• **WHAT IS BEING ASKED**: Would you please copy the entries exactly, leaving every picture aside?

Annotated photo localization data
______________________________

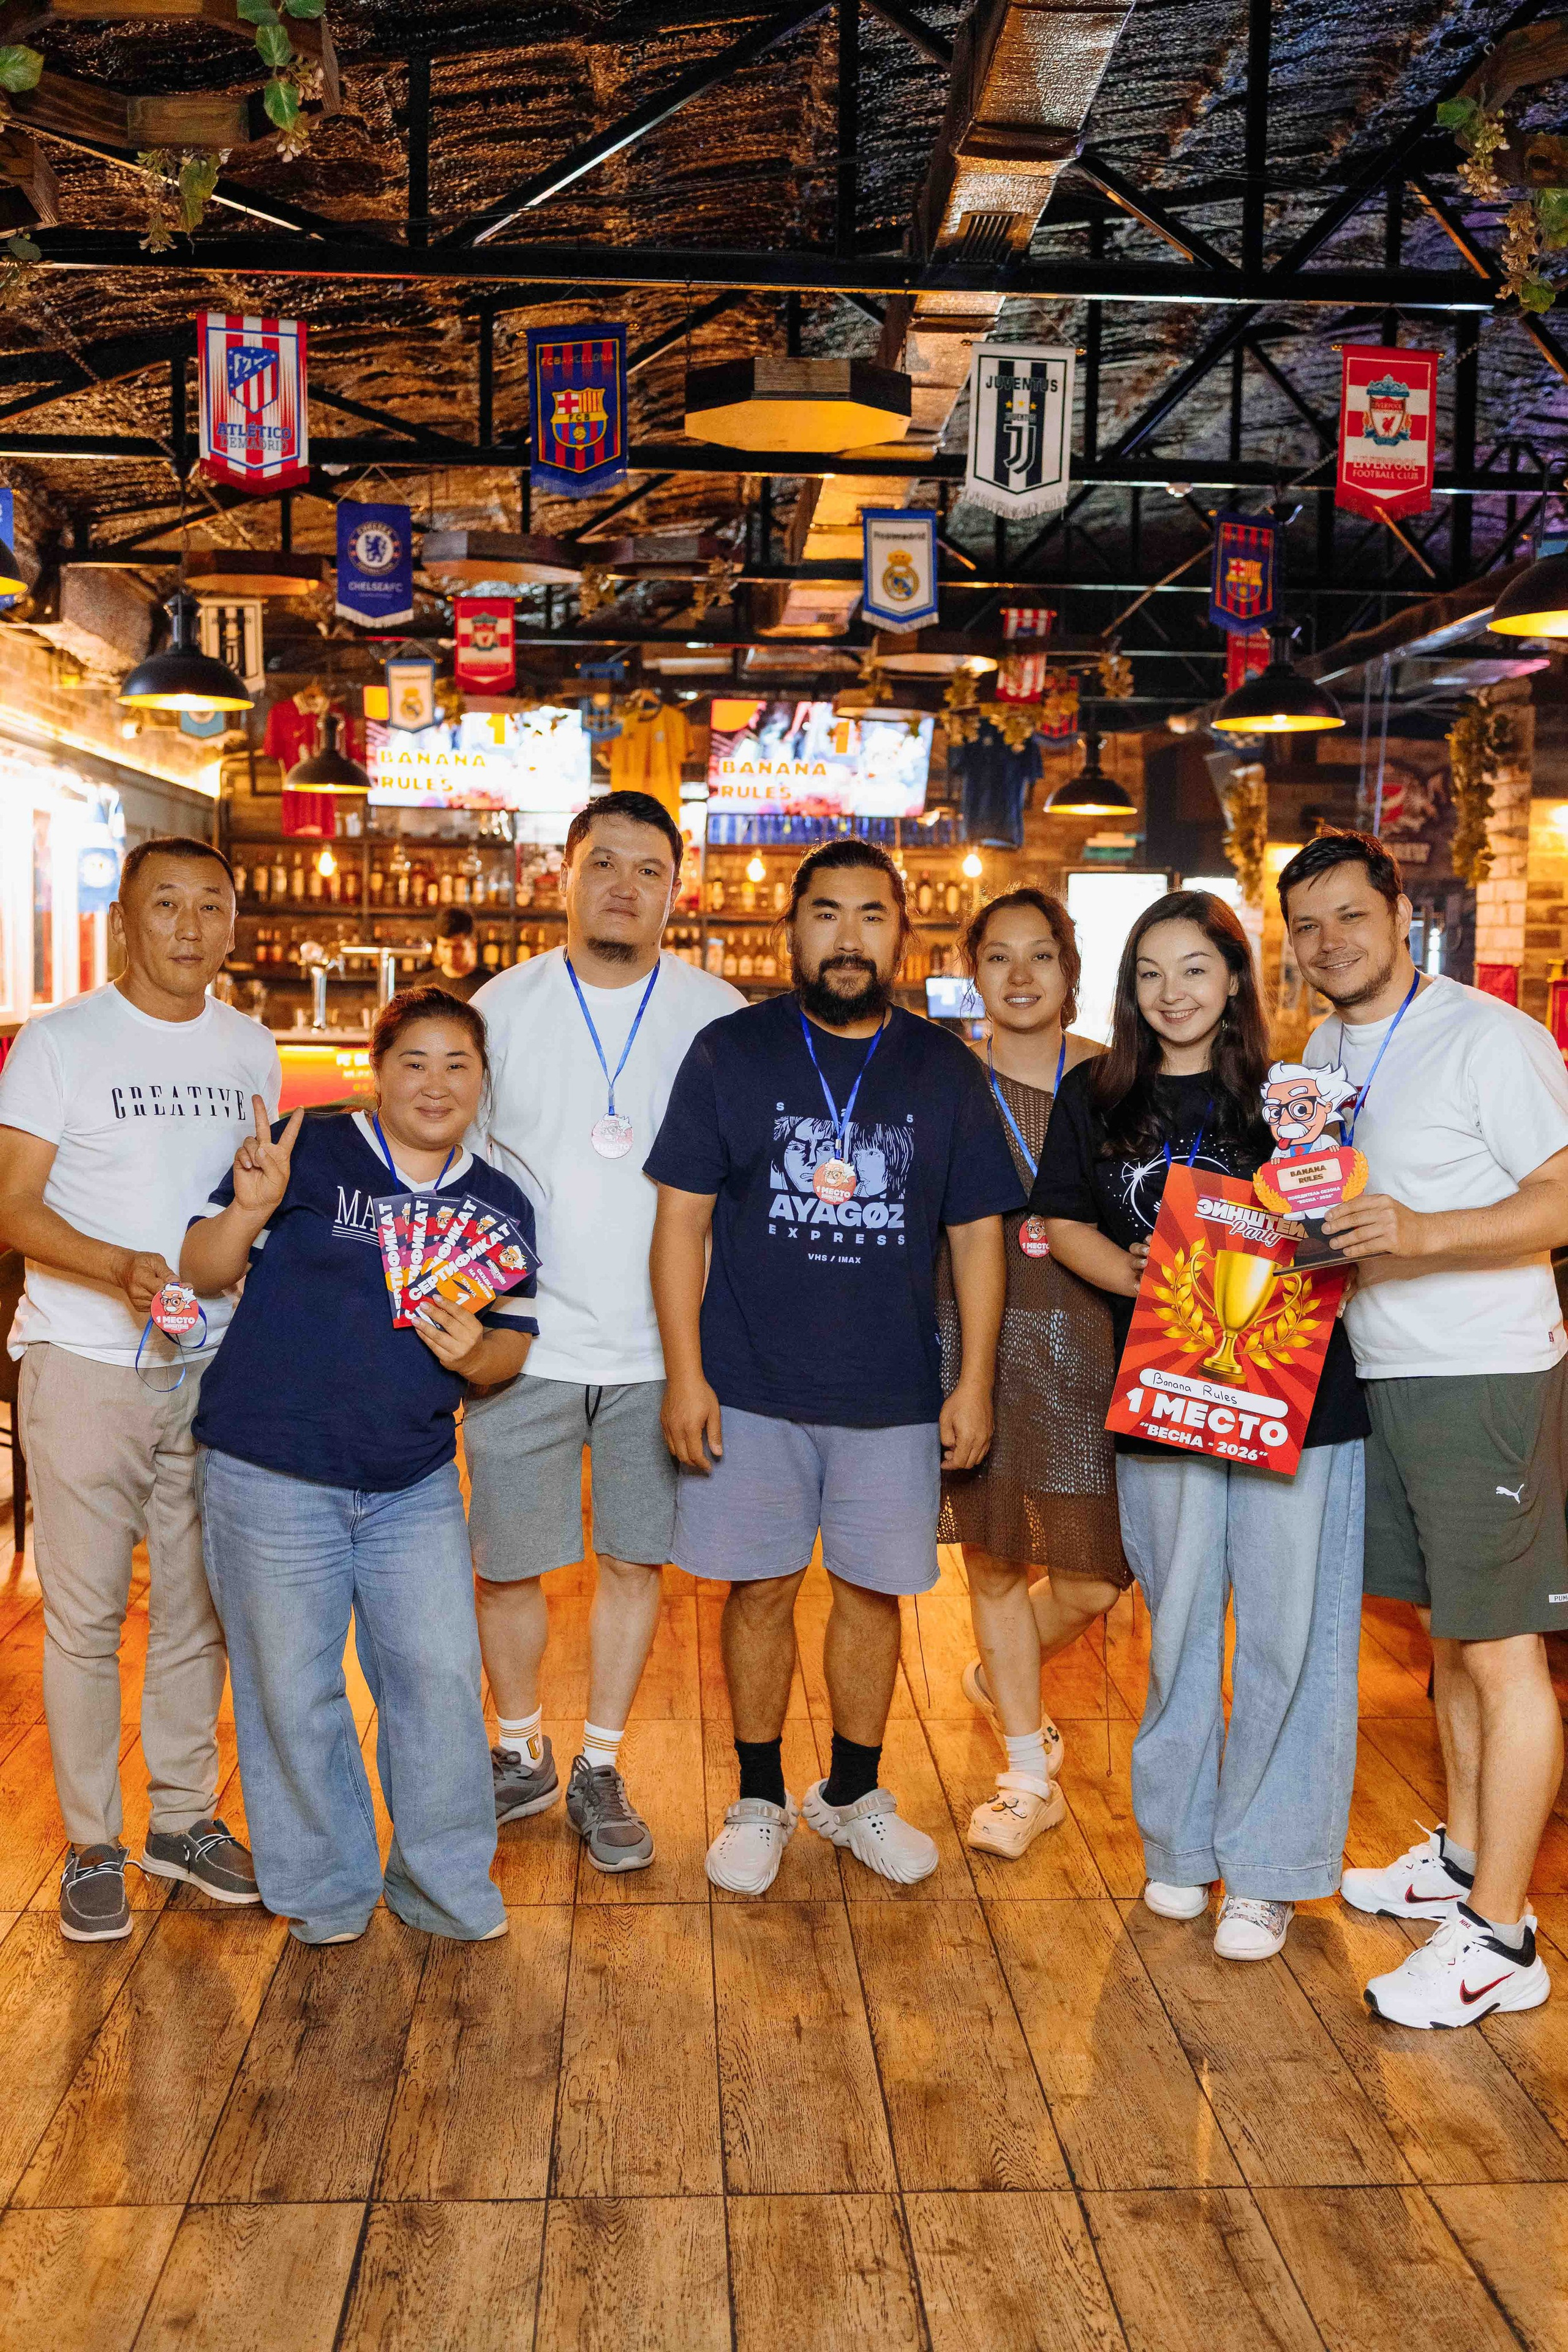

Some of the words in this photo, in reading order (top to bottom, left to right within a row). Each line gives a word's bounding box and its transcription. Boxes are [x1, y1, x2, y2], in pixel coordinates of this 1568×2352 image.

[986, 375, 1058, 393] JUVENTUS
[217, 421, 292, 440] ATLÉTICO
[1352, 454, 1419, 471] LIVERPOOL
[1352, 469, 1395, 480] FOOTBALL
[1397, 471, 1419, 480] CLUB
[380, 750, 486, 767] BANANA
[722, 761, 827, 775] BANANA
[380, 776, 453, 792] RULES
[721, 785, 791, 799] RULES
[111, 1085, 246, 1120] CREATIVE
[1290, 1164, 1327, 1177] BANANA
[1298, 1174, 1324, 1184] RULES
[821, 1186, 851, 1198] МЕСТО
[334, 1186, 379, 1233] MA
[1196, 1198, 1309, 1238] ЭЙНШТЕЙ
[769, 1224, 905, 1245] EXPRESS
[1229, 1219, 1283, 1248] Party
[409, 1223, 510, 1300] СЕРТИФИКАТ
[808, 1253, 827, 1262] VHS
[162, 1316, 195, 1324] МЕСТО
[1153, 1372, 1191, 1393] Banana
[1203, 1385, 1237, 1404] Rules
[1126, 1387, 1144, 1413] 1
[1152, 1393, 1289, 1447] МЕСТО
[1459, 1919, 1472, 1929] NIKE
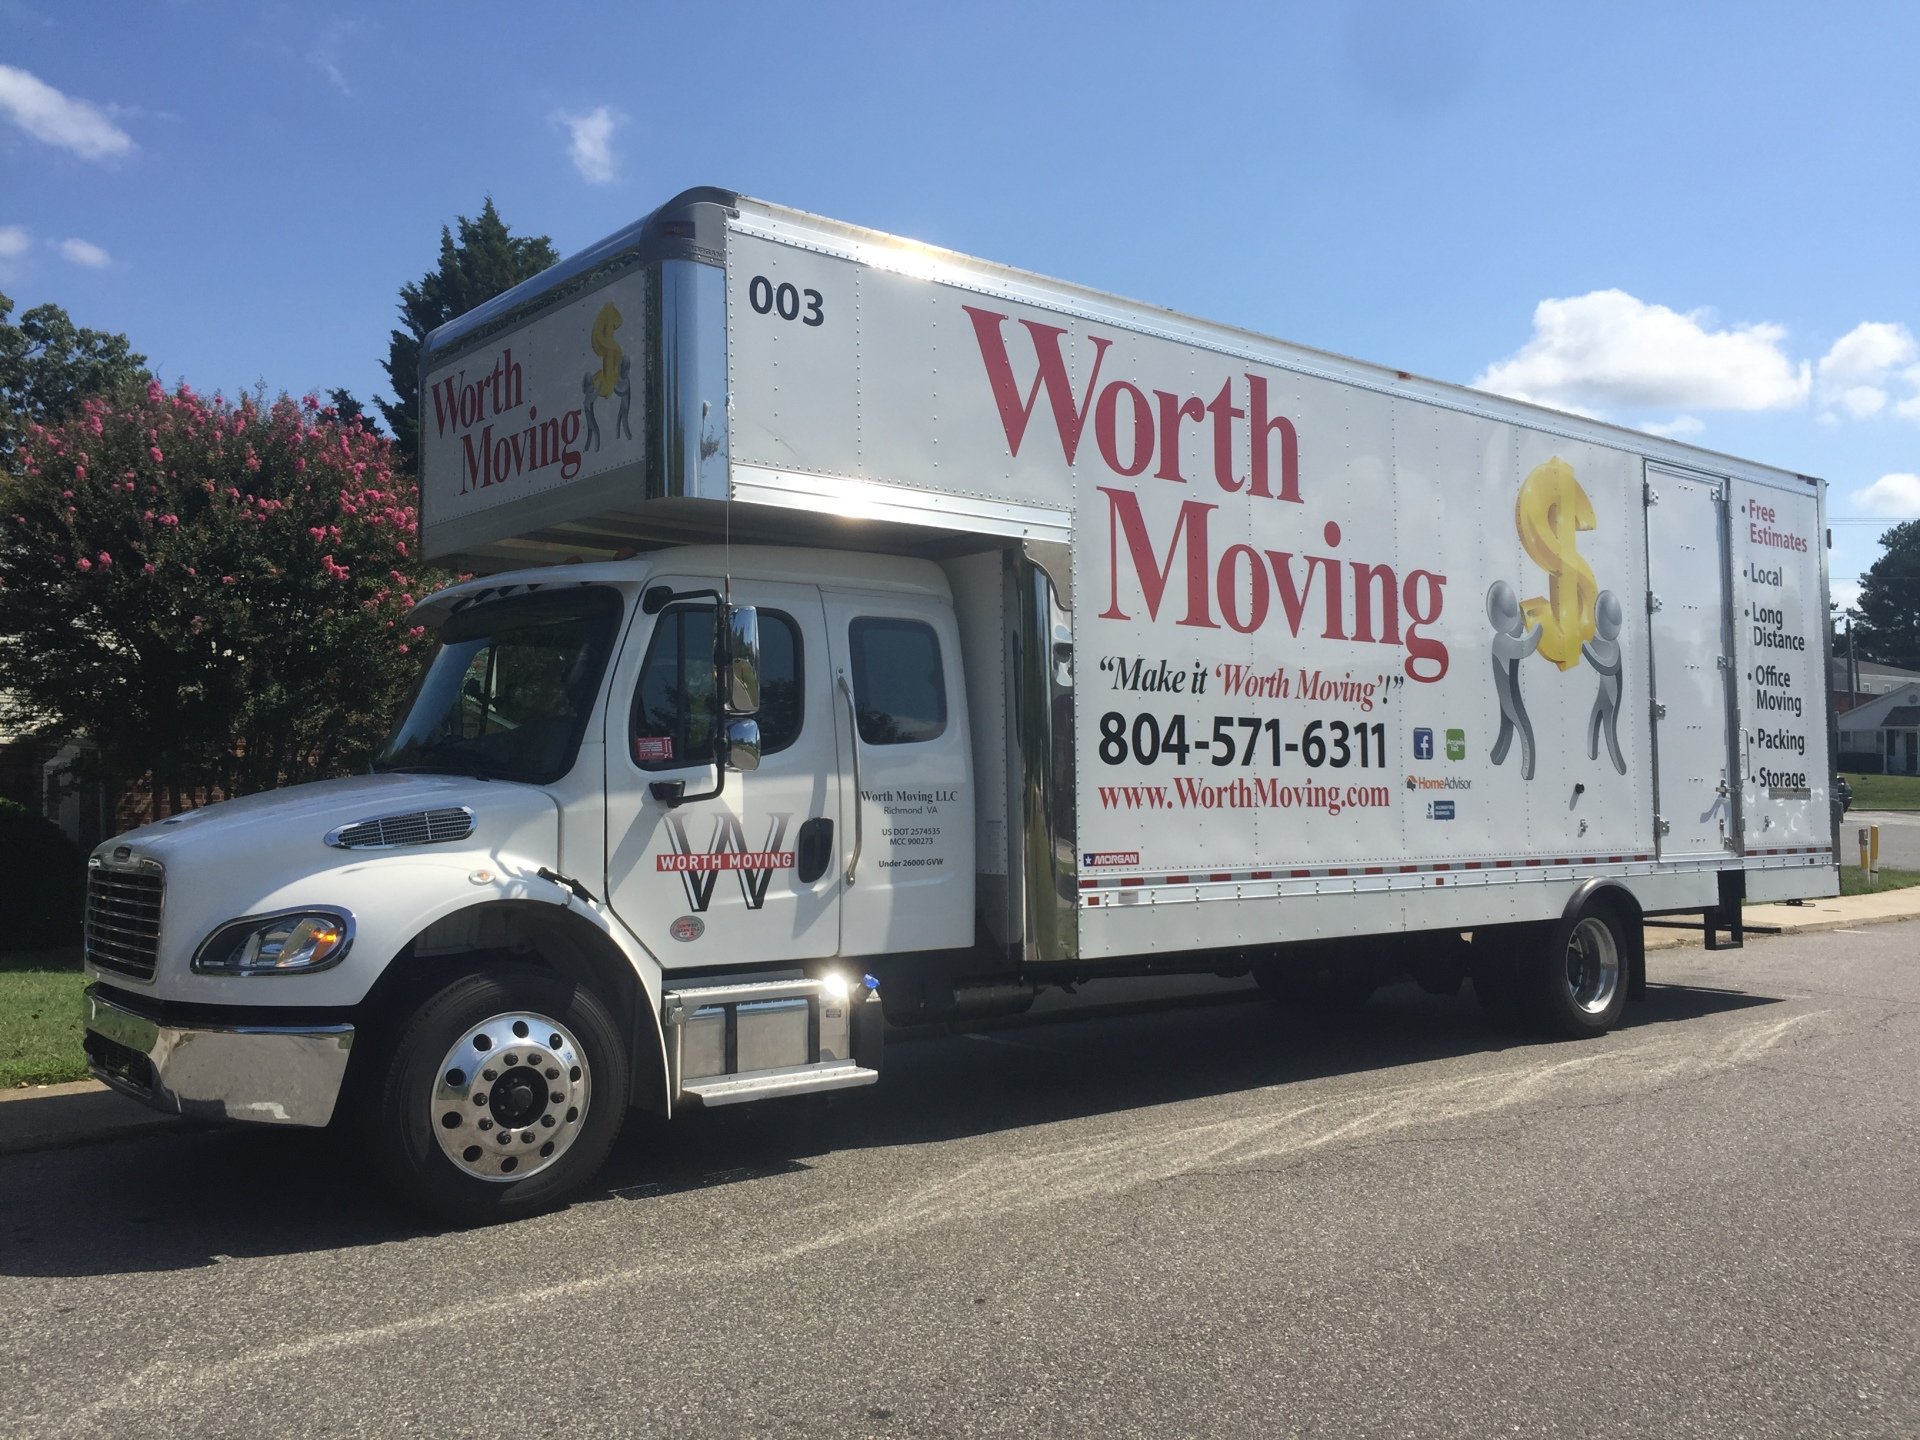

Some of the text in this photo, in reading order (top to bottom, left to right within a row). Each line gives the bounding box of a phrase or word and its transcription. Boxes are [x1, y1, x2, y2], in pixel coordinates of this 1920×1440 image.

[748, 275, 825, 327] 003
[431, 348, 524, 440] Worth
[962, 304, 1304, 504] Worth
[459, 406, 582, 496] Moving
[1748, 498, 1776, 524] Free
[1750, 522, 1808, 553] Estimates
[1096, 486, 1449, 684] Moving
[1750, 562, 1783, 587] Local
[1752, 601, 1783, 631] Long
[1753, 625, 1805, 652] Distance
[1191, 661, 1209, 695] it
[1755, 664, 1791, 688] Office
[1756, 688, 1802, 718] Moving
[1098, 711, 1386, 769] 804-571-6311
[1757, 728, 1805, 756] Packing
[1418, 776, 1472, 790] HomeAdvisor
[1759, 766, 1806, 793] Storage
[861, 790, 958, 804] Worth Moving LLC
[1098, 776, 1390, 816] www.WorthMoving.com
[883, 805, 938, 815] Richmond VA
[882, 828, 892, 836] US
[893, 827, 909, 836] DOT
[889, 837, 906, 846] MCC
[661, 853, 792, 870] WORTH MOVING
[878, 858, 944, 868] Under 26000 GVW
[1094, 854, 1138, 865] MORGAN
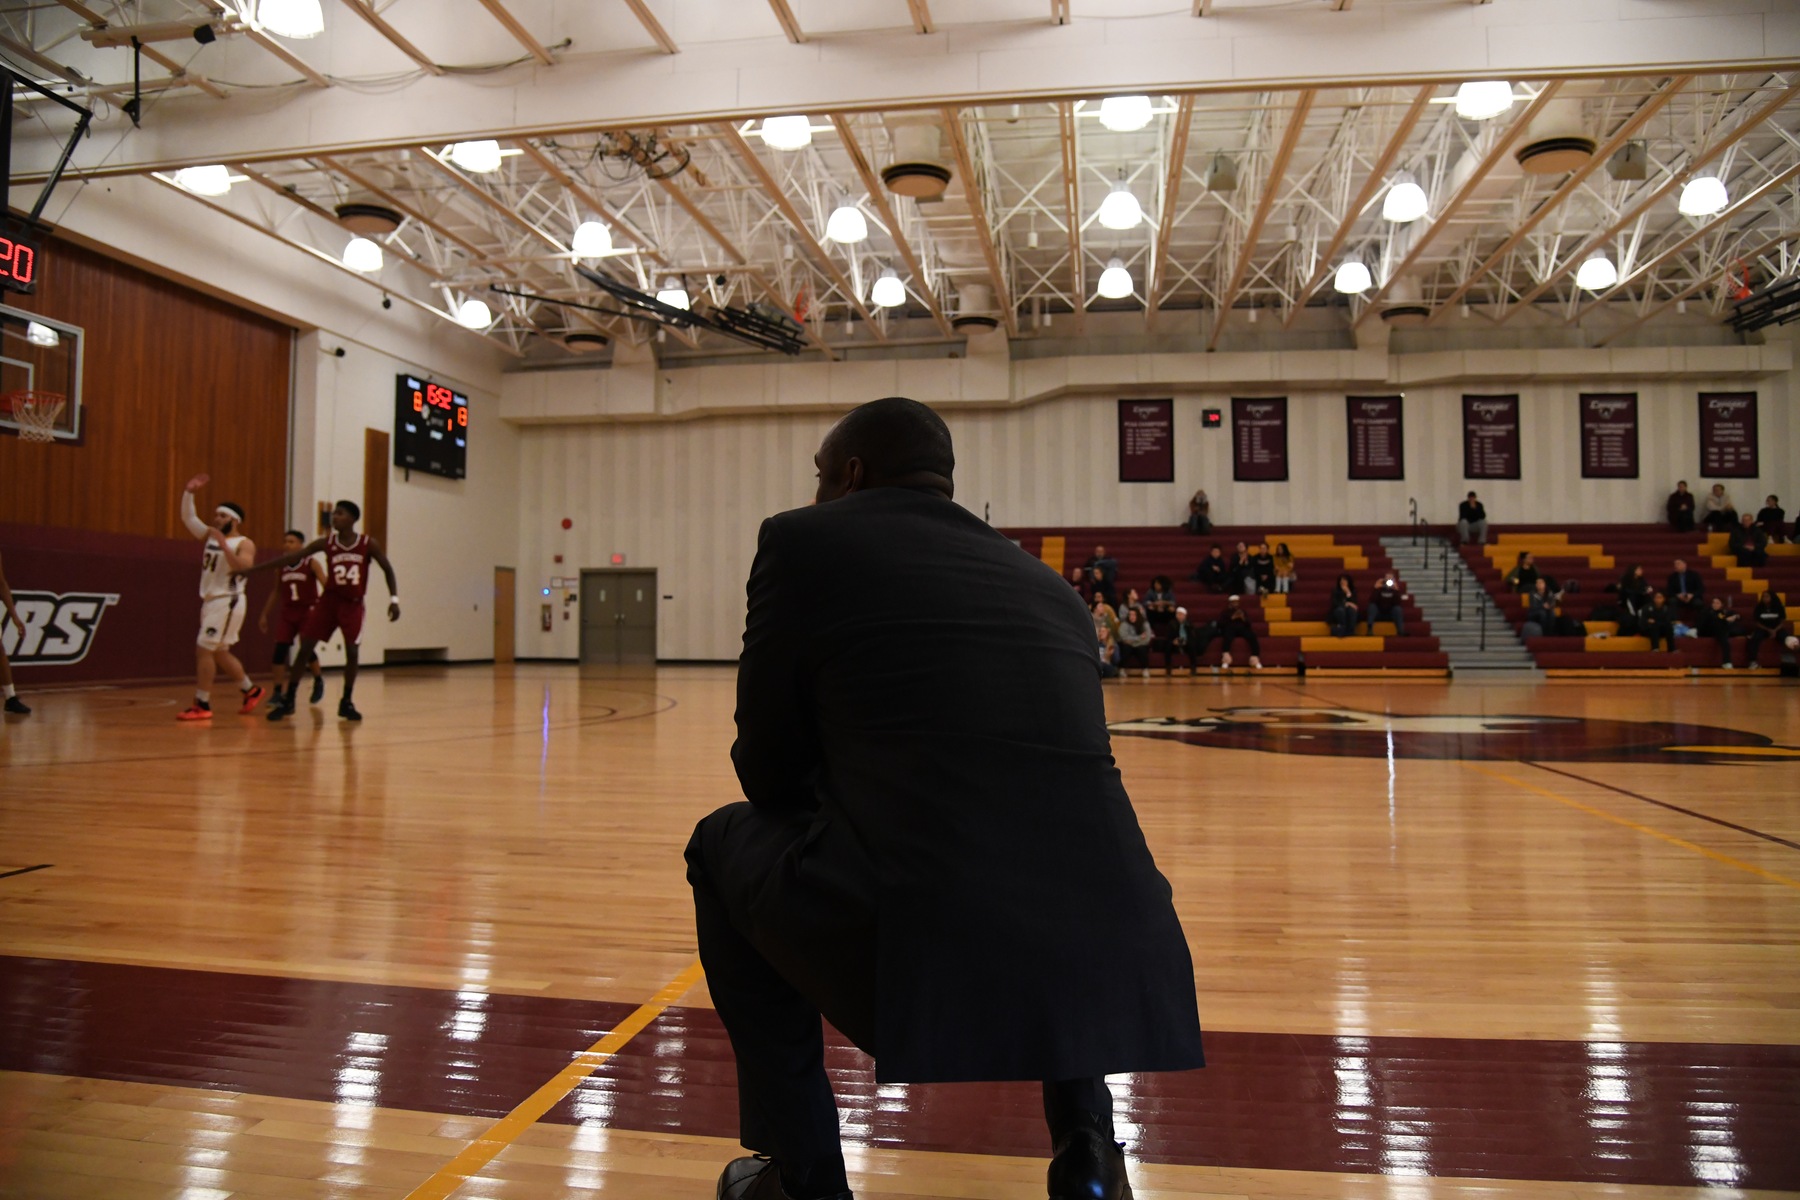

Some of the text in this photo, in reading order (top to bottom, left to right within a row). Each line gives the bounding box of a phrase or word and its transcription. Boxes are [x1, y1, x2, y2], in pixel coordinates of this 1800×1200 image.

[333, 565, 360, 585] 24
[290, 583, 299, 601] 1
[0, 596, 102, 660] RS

______________________________

• **YOUR RESPONSE**:
Some of the words in this photo, in reading order (top to bottom, left to right within a row). Each line gives a word's bounding box and its transcription. Boxes are [x1, y1, x2, y2], in pixel coordinates of this 1568×2352 image.

[986, 375, 1058, 393] JUVENTUS
[217, 421, 292, 440] ATLÉTICO
[1352, 454, 1419, 471] LIVERPOOL
[1352, 469, 1395, 480] FOOTBALL
[1397, 471, 1419, 480] CLUB
[380, 750, 486, 767] BANANA
[722, 761, 827, 775] BANANA
[380, 776, 453, 792] RULES
[721, 785, 791, 799] RULES
[111, 1085, 246, 1120] CREATIVE
[1290, 1164, 1327, 1177] BANANA
[1298, 1174, 1324, 1184] RULES
[821, 1186, 851, 1198] МЕСТО
[334, 1186, 379, 1233] MA
[1196, 1198, 1309, 1238] ЭЙНШТЕЙ
[769, 1224, 905, 1245] EXPRESS
[1229, 1219, 1283, 1248] Party
[409, 1223, 510, 1300] СЕРТИФИКАТ
[808, 1253, 827, 1262] VHS
[162, 1316, 195, 1324] МЕСТО
[1153, 1372, 1191, 1393] Banana
[1203, 1385, 1237, 1404] Rules
[1126, 1387, 1144, 1413] 1
[1152, 1393, 1289, 1447] МЕСТО
[1459, 1919, 1472, 1929] NIKE

Some of the text in this photo, in reading order (top to bottom, left to right within a row). Each line gives the bounding box of a phrase or word and its transcription. Boxes are [x1, y1, x2, y2], in pixel coordinates of this 1920×1440 image.

[748, 275, 825, 327] 003
[431, 348, 524, 440] Worth
[962, 304, 1304, 504] Worth
[459, 406, 582, 496] Moving
[1748, 498, 1776, 524] Free
[1750, 522, 1808, 553] Estimates
[1096, 486, 1449, 684] Moving
[1750, 562, 1783, 587] Local
[1752, 601, 1783, 631] Long
[1753, 625, 1805, 652] Distance
[1191, 661, 1209, 695] it
[1755, 664, 1791, 688] Office
[1756, 688, 1802, 718] Moving
[1098, 711, 1386, 769] 804-571-6311
[1757, 728, 1805, 756] Packing
[1418, 776, 1472, 790] HomeAdvisor
[1759, 766, 1806, 793] Storage
[861, 790, 958, 804] Worth Moving LLC
[1098, 776, 1390, 816] www.WorthMoving.com
[883, 805, 938, 815] Richmond VA
[882, 828, 892, 836] US
[893, 827, 909, 836] DOT
[889, 837, 906, 846] MCC
[661, 853, 792, 870] WORTH MOVING
[878, 858, 944, 868] Under 26000 GVW
[1094, 854, 1138, 865] MORGAN

Some of the text in this photo, in reading order (top to bottom, left to right within a row). Each line gives the bounding box of a phrase or word and its transcription. Boxes are [x1, y1, x2, y2], in pixel coordinates of this 1800×1200 image.

[333, 565, 360, 585] 24
[290, 583, 299, 601] 1
[0, 596, 102, 660] RS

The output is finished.